Main concerns at the moment:
- not listening. I'll often have to ask the same question/make the same request many times just to get his attention. It's not even like he's being naughty, it's like he hasn't even noticed or has forgotten already.
- general focus. Often something simple like walking down a hallway will involve countless distractions in his little mind and he'll literally be in his own world.
- inappropriate actions/comments. He'll often break into random noises (cannons, space ships, pow pow etc - he's not exposed to violence at all by the way) or running on the spot, roll his eyes back to make a scary face, karate chop the air etc all just randomly and some days almost constantly.
- not reading social cues. This stems a lot from not listening. He might say hello to someone in the shops, they might say "hello, how are you?" back to him, and he might respond to mid air with random noises or what not because he hasn't computed what they said.

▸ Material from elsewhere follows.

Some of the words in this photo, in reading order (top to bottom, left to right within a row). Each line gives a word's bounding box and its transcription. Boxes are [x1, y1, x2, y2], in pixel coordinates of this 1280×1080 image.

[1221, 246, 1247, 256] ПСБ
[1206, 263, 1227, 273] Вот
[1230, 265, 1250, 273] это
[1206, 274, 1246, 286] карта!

- actions/consequences. To some degree. He's able to take excellent care of his things, would never do something dangerous like touch the cleaning products, wont be intentionally naughty, tries to be kind etc but he might do something like pinch or hit without the intention to cause harm just because he does it without thinking. He might need to be reminded multiple times that it doesn't feel nice and isn't ok because he didn't really think about doing it to begin with.
The thing is he has days when he's great. He can be incredibly thoughtful and helpful and will focus on something like lego for hours.

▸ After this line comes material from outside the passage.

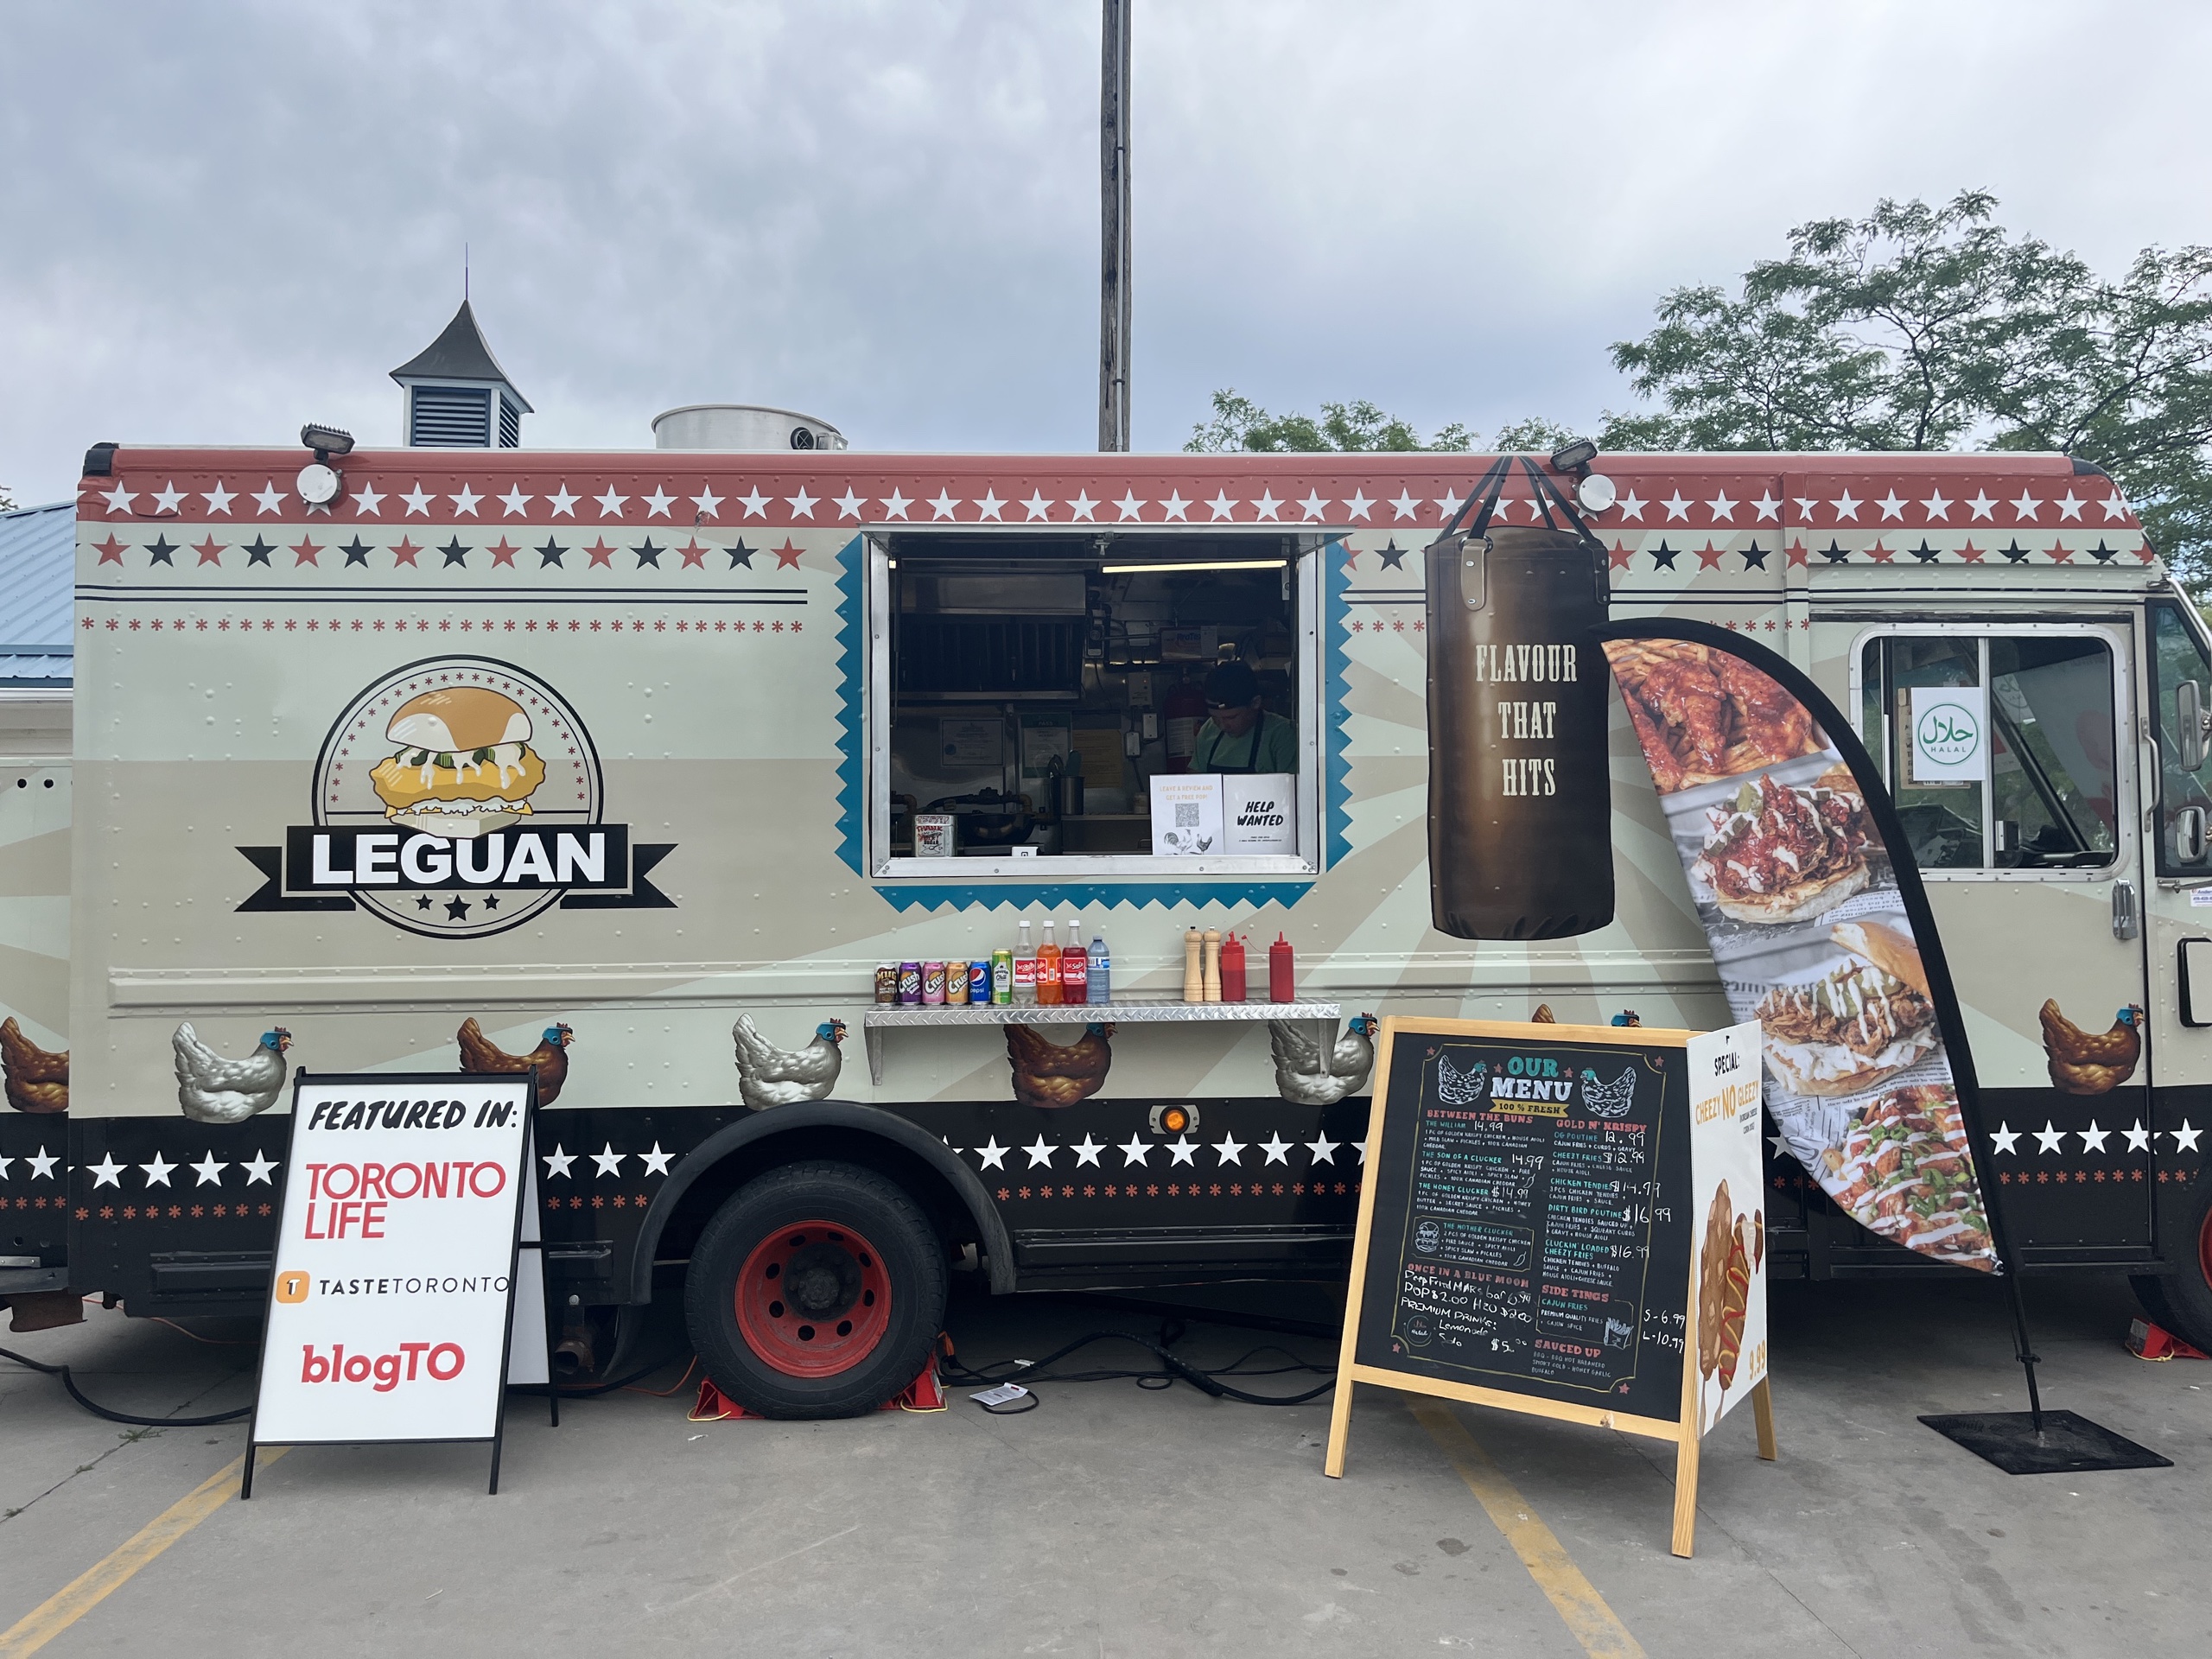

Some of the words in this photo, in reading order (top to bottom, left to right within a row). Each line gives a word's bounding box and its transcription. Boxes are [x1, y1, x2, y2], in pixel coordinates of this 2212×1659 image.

He's very very smart, but often can't, or doesn't want to, focus to use that intelligence. For example if I try to do anything with letters or numbers with him just wont have a bar of it, says he doesn't understand and it's boring and walks away. But if you catch him off guard and write something like "red car" on a piece of paper he'll say "What are you writing about a red car for?" then realize he admitted he could read it, so act up again. He might claim to not recognize any of the letters, then randomly say "Look mummy I did something for you" and you'll find that he's torn the shapes of about 10 letters perfectly out of paper.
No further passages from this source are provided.